Everyone has experienced the pain and suffering of trying to remove a rusted bolt or nut. Unfortunately, the hardware store definition of “corrosion-resistant” and the actual definition can vary greatly. It’s common knowledge that most non-exotic materials will corrode with everyday use, especially when they are in a caustic environment. That’s why electroplating was invented – by covering the base metal with a very thin layer of resistant material, rust is no longer a problem. But how do you know which material to use for which environment? And will that plating stand up to the test of time?
Corrosion Resistance Testing
Perhaps the easiest and fastest method to test corrosion resistance is to put a sample inside a cabinet and continuously spray it with a caustic solution. The tests are given names based on the solution used – the two main solutions are NSS (Neutral Salt Spray), and the more corrosive CASS (Copper Accelerated Acetic Acid Salt Spray). Because of the higher than normal concentration of salts in these solutions, testing times can be accelerated and used to predict the plating’s effectiveness. This test is described in the ASTM B117 standard.
Many manufacturers, especially those in the automotive industry, do not trust the salt spray test because it lacks the real world condition of cycling between wet and dry conditions. An alternate method is SCAB (Simulated Corrosion Atmospheric Breakdown), described in ISO 11474 and SAE J2334, which follows a cycle of spraying the test piece with a salt solution and then allowing a drying period before repeating. While slower than standard salt spraying, a much better correlation is achieved between testing and real world results.

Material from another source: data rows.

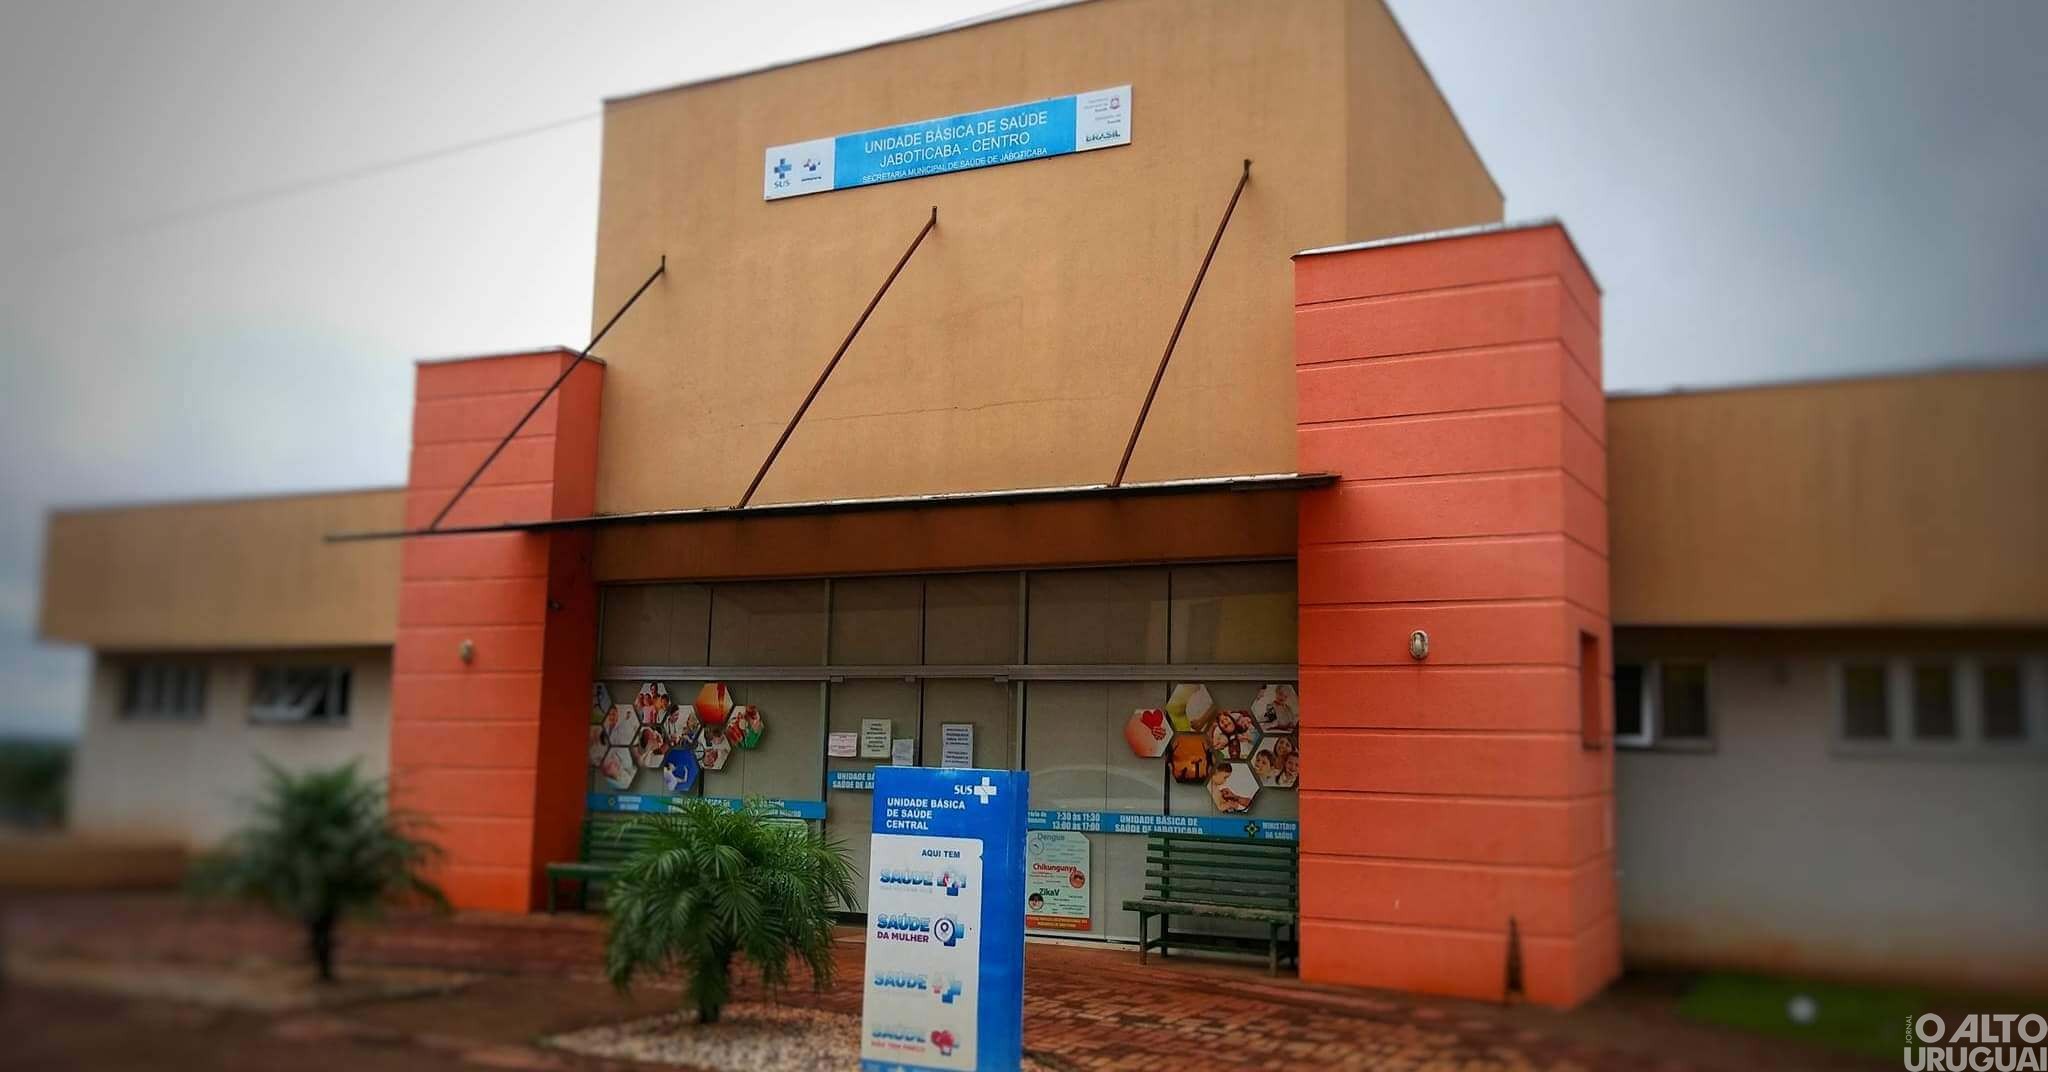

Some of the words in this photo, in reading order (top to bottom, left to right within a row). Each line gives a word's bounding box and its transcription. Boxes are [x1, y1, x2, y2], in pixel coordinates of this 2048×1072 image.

[865, 133, 922, 153] UNIDADE
[925, 122, 975, 143] BÁSICA
[977, 120, 996, 135] DE
[1000, 110, 1048, 131] SAÚDE
[880, 143, 962, 168] JABOTICABA
[972, 131, 1030, 152] CENTRO
[863, 170, 907, 183] SECRETARIA
[908, 164, 945, 177] MUNICIPAL
[987, 155, 999, 163] DE
[1000, 146, 1048, 161] JABOTICABA
[774, 180, 791, 188] SUS
[954, 785, 973, 795] SUS
[887, 798, 928, 808] UNIDADE
[931, 798, 965, 810] BÁSICA
[887, 809, 899, 817] DE
[901, 808, 933, 819] SAÚDE
[1083, 812, 1100, 822] 11:30
[886, 820, 928, 830] CENTRAL
[1120, 814, 1154, 824] UNIDADE
[1155, 815, 1186, 826] BÁSICA
[1187, 817, 1198, 826] DE
[1082, 822, 1100, 831] 17:00
[1115, 823, 1141, 832] SAÚDE
[1142, 825, 1152, 833] DE
[1037, 832, 1066, 842] Dengue
[921, 849, 941, 858] AQUI
[944, 850, 961, 858] TEM
[1032, 863, 1077, 874] Chikungunya
[877, 912, 930, 932] SAÚDE
[877, 931, 890, 940] DA
[891, 933, 929, 943] MULHER

Regardless of what type of corrosive test is used, there is always an error relating the test to the real world application where the material will be used (unless the test perfectly replicates the real world environment). So are all ratings worthless? Certainly not – they can be used to quickly and easily compare different types or grades of material. For example, if real environment results are known for a specific grade of metal, corrosive test results for that metal can be compared to other metal grades.
Interpreting the Results
Again, it is important to note that most corrosion resistance results should be taken qualitatively, not quantitatively – you should be looking to compare results. Some ratings will give the number of hours until failure, while others may give a standard number of test hours and then a pass/ fail rating. For example, in our surface finishing tutorial, various different metals are listed along with the type and amount of plating. The Application Environment gives a basic idea of where such metals could be used. The base metals are run through various spraying times (more times for more caustic environments) to see where there is negligible corrosion, and thus to define the application environments.
Based on this chart, if a part needs to be made of aluminum and is going to be outside in the elements (Environment B), a plating of Ni30b, Cr 0.1 can be utilized. If a different material is needed, you can see what plating to use by quickly comparing the metals that are compatible with Environment B.
Top Corrosion-Resistant Misumi Products:
- Corrosion-Resistant Linear Guides
- Corrosion-Resistant Linear Slide Rails
- Corrosion-Resistant Duct Hoses (Excellent in Heat/Cold)
- Corrosion-Resistant Miniature Lead Screws
- Corrosion-Resistant Aluminum Alloy Plates (Made of Heat-treatable Alloy, Excellent in Strength)
- Corrosion-Resistant Stainless Steel Plates (Excellent in Atmospheric Environments)
Corrosion failure has always been, and continues to be, one of the largest concerns for designers and engineers. A large amount of innovation and research time is dedicated to new methods of stopping or slowing the effects of corrosion. As new materials and processes become available, testing and comparisons to existing options will be very important. As long as the same standards are used for the test procedures, users can select the best materials for the project.